Yesterday's New York Times had an excellent op-ed piece about how our Founding Fathers put war under control of Congress, and how King George has undermined that (in part, 'tis true, with Congress's cooperation):
The war is hardly the only area where the Bush administration is trying to expand its powers beyond all legal justification. But the danger of an imperial presidency is particularly great when a president takes the nation to war, something the founders understood well. In the looming showdown, the founders and the Constitution are firmly on Congress’s side.
Given how intent the president is on expanding his authority, it is startling to recall how the Constitution’s framers viewed presidential power. They were revolutionaries who detested kings, and their great concern when they established the United States was that they not accidentally create a kingdom. To guard against it, they sharply limited presidential authority, which Edmund Randolph, a Constitutional Convention delegate and the first attorney general, called “the foetus of monarchy.”
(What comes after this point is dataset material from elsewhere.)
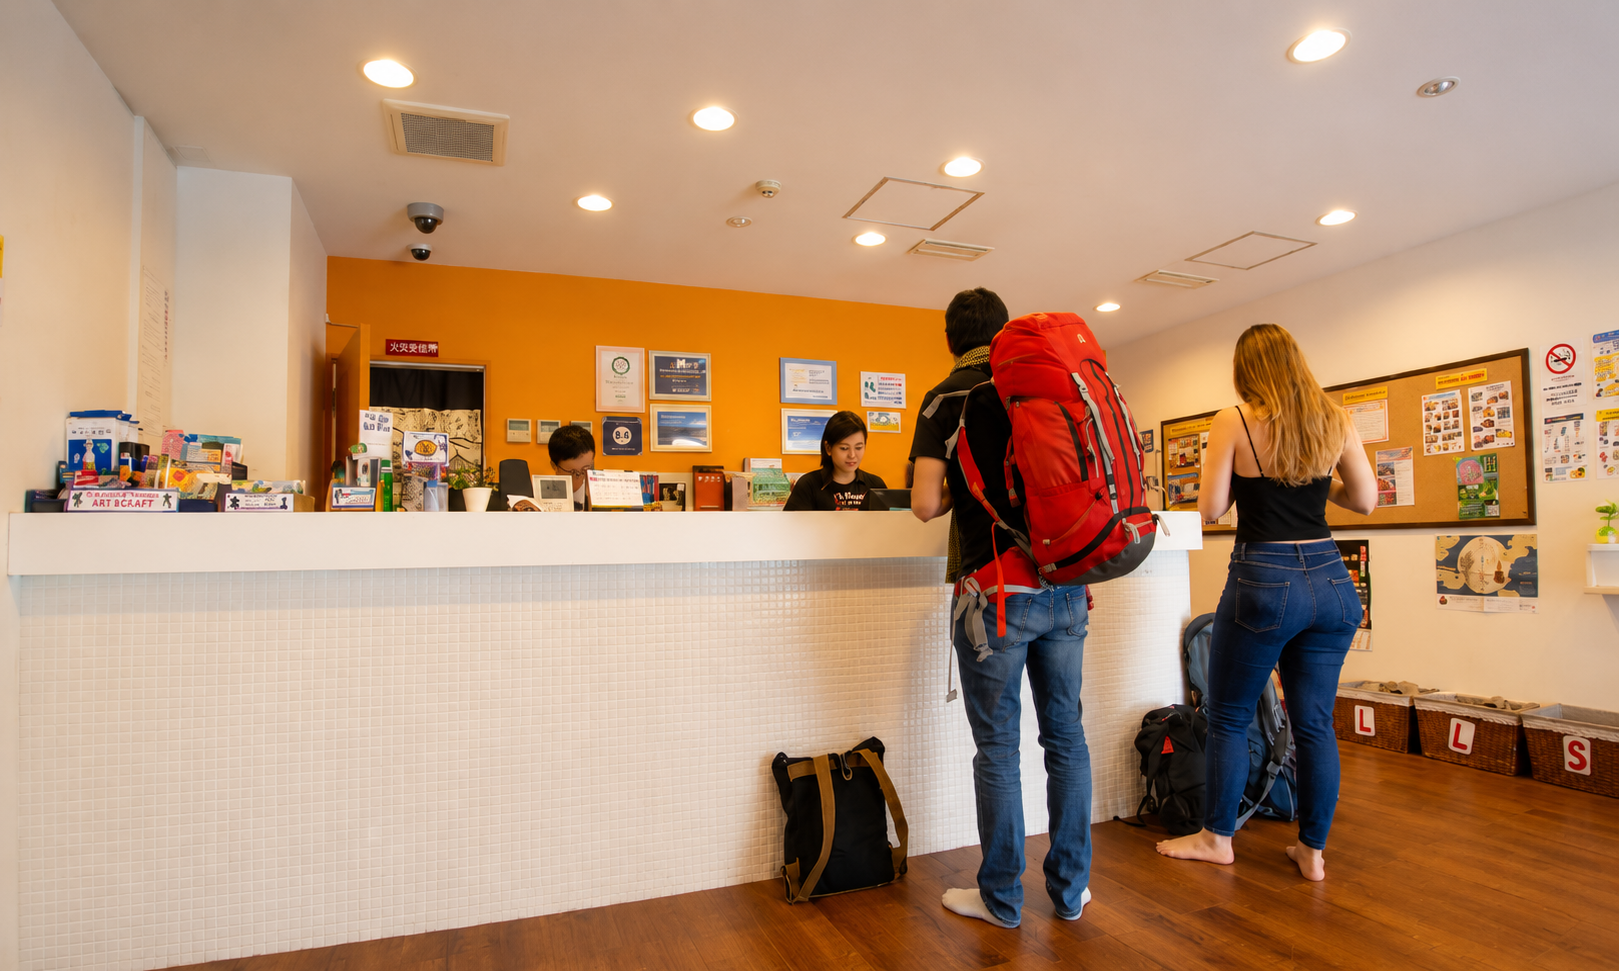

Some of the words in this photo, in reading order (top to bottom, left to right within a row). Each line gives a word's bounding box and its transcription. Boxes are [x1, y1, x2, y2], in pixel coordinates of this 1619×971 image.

The founders were particularly wary of giving the president power over war. They were haunted by Europe’s history of conflicts started by self-aggrandizing kings. John Jay, the first chief justice of the United States, noted in Federalist No. 4 that “absolute monarchs will often make war when their nations are to get nothing by it, but for the purposes and objects merely personal.”
As opinion turns more decisively against the war, the administration is becoming ever more dismissive of Congress’s role. Last week, Under Secretary of Defense Eric Edelman brusquely turned away Senator Hillary Clinton’s questions about how the Pentagon intended to plan for withdrawal from Iraq. “Premature and public discussion of the withdrawal of U.S. forces from Iraq reinforces enemy propaganda that the United States will abandon its allies in Iraq,” he wrote. Mr. Edelman’s response showed contempt not merely for Congress, but for the system of government the founders carefully created.
In his op-ed, Adam Cohen reminds us of the dangers of an “imperial presidency” — and reminds us that we must do something about it, beginning with enforcing the constitution.
Perhaps the best way to do something about it is to vote against such imperialism, against contempt for Congress and for the constitution itself, against a mode of rule that puts the ruler above the law. But it's not clear that Americans voters consider that — at all. The day before, the Times ran a story that included this graphic, showing the results of a survey of what voters care about. And it's scary, if not terribly surprising.
According to the survey, the worst thing one could be, for success in a presidential bid, is a Hispanic lesbian atheist smoker on antidepressants, without a college degree. And, in fact, the single worst characteristic is non-belief in God.
As a country, we'd much rather elect a Christian who violates every Christian ethic, who goes against his oath to support and defend our constitution, who lies, breaks laws, starts wars, limits civil liberties, puts his own beliefs and desires above everything else, and in general behaves like a monarch to the greatest extent he's able... than elect an honest atheist who obeys the law and the constitution, and who actually does live according to the Christian ethic.
We put the belief in God above all else, and we really seem to think that it's sufficient to assure us of good, ethical, moral leadership.
And we're clearly wrong. And that's scary.
It's also scary that we seem not to have learned anything from this.